Noticing that Stahl was focusing on an emerging star named Barbra Streisand, Wallace deftly stole the young journalist’s contact details and research notes, confiscating what was to become a classic. 60 minutes room. Wallace even caused the gritty star to cry as she spoke about her education in Brooklyn.

Even as Stahl was showing up on TV, I was checking out my first job as a Hollywood studio executive and from afar I could appreciate his transition essays. The first Paramount colleague to greet me happily announced, “Welcome to the boys’ club.” Her name was Andrea Eastman and, as head of the casting, she was the only woman I had to work with for the next decade.

She was smart, attractive and, like Stahl, skilled in survival weapons. His advice on casting decisions was precise, but the final decisions on which films would be produced and by whom were made by the alpha males. Eastman never sought or got the CEO positions that are now regularly granted to women in post-pandemic Hollywood.

Meanwhile, Stahl was learning that the power in her world lay in the stories she and her producers boldly generated. Some involved fierce clashes with famous personalities who, in frustration, stormed the set mid-interview. These included one-off presidents like Boris Yeltsin of Russia, Nicolas Sarkozy of France and Donald Trump. “I was bothered by these temper tantrums,” Stahl recalls, “because I still had urgent questions for them. On the other hand, their behavior and the resulting publicity made the stories more important. “

Given his gifts for skillful writing and steel delivery, Stahl continues to make complex subjects seem compelling. Lately, his articles have dealt with technical topics, such as the search for the origin of the coronavirus. She has moved away from her once-vivid profiles of Hollywood personalities because, as she perceives, stars and their managers have become “control freaks who want to carve out too many no-go areas where questions and cameras are off-limits.”

In its early days at 60 minutes, the tone of the show was set by Hewitt, the boisterous personality who created the show and took it to the top of the charts. Hewitt’s mandate was that each story was built around a single personality, thus leading the narrative reader to journalistic forays. A “lighter” piece has always been programmed as the third act – the profile of a celebrity or a sports hero or, better yet, a child prodigy.
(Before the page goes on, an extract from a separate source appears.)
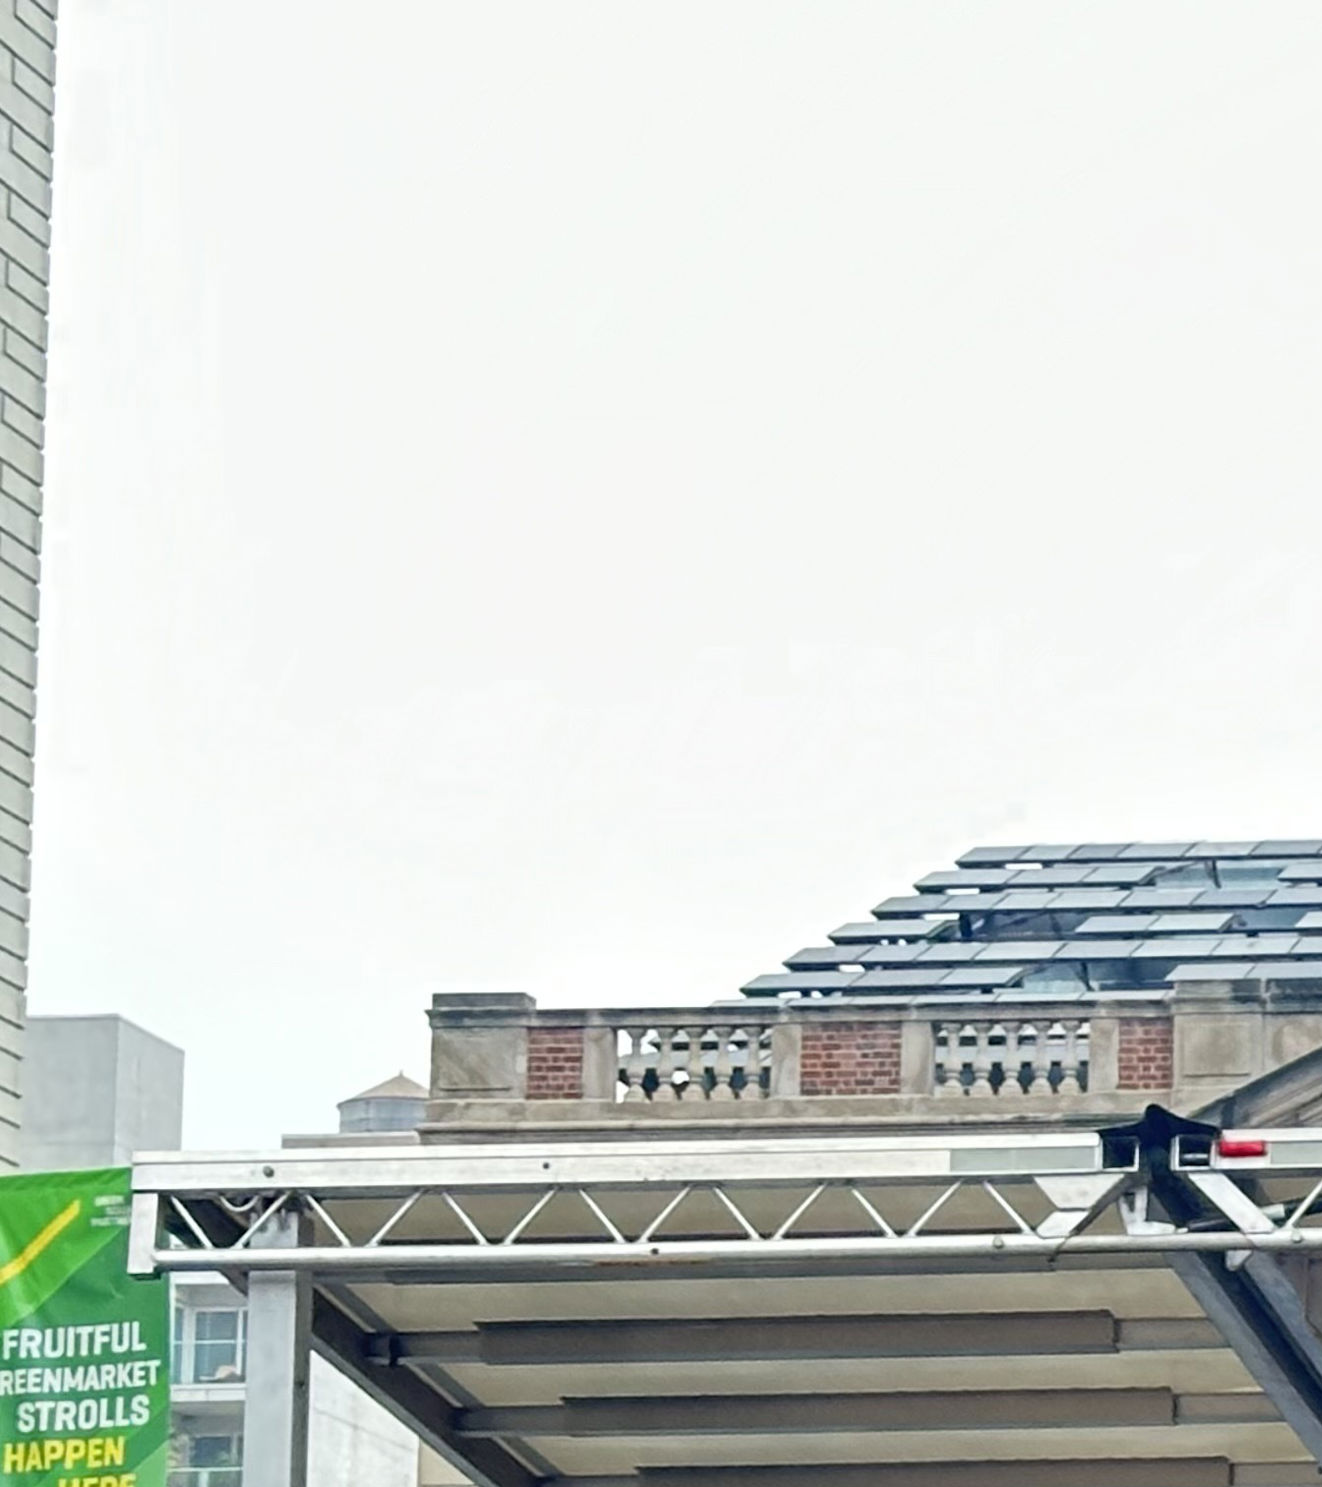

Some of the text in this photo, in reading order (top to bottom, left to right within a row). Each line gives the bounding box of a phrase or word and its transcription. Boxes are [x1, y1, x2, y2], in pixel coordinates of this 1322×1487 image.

[3, 1321, 147, 1360] FRUITFUL
[0, 1360, 161, 1396] REENMARKET
[17, 1394, 150, 1433] STROLLS
[4, 1436, 125, 1474] HAPPEN
Current boss Bill Owens, a dedicated journalist, has deviated from that formula, focusing on breaking news while sacrificing, for some viewers, some of the show’s entertainment value. His correspondents, too, are much gentler, devoid of the semi-murderous rigor of a Mike Wallace. Wallace’s advice to new correspondents like Stahl was to make interviewees feel like they were in a cozy neighborhood bar. There was little comfort in the hidden cameras.
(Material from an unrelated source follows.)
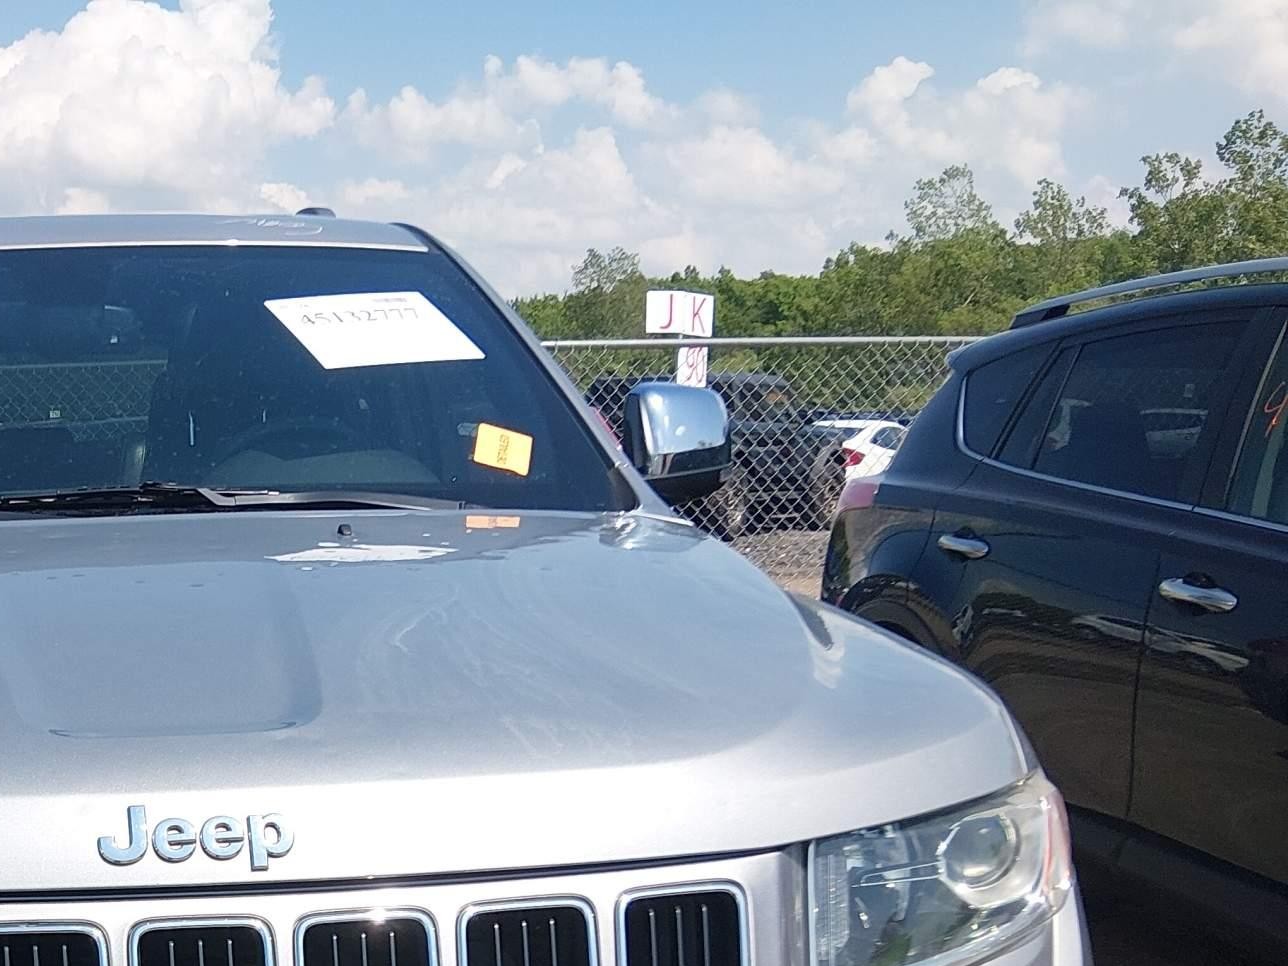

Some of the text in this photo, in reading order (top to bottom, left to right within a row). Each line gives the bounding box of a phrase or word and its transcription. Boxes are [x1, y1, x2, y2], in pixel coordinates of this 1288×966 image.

[300, 307, 419, 326] 45132777
[659, 293, 707, 334] J K
[97, 804, 295, 872] Jeep
Some of the misadventures of that time have been recounted in a new book, Ticking clock, by Ira Rosen, a long term 60 minutes producer. For Rosen, “Wallace and Hewitt were geniuses, but that didn’t excuse their Neanderthal behavior towards women, too many of them left in tatters.”
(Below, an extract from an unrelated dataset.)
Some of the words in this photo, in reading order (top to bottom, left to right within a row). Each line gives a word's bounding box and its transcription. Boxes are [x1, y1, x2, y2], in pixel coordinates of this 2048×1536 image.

Stahl did not sign up for the victims class. “We had our quarrels,” Stahl recalls. There have been arguments over who gets the hot stories, and sometimes disagreements over the edits. “Let’s describe the relationship between the pen pals as sibling rivalries,” she says now.

If Stahl started today, she clearly wouldn’t be intimidated by the boys’ club or its satellites. In other words, if it still existed here or there.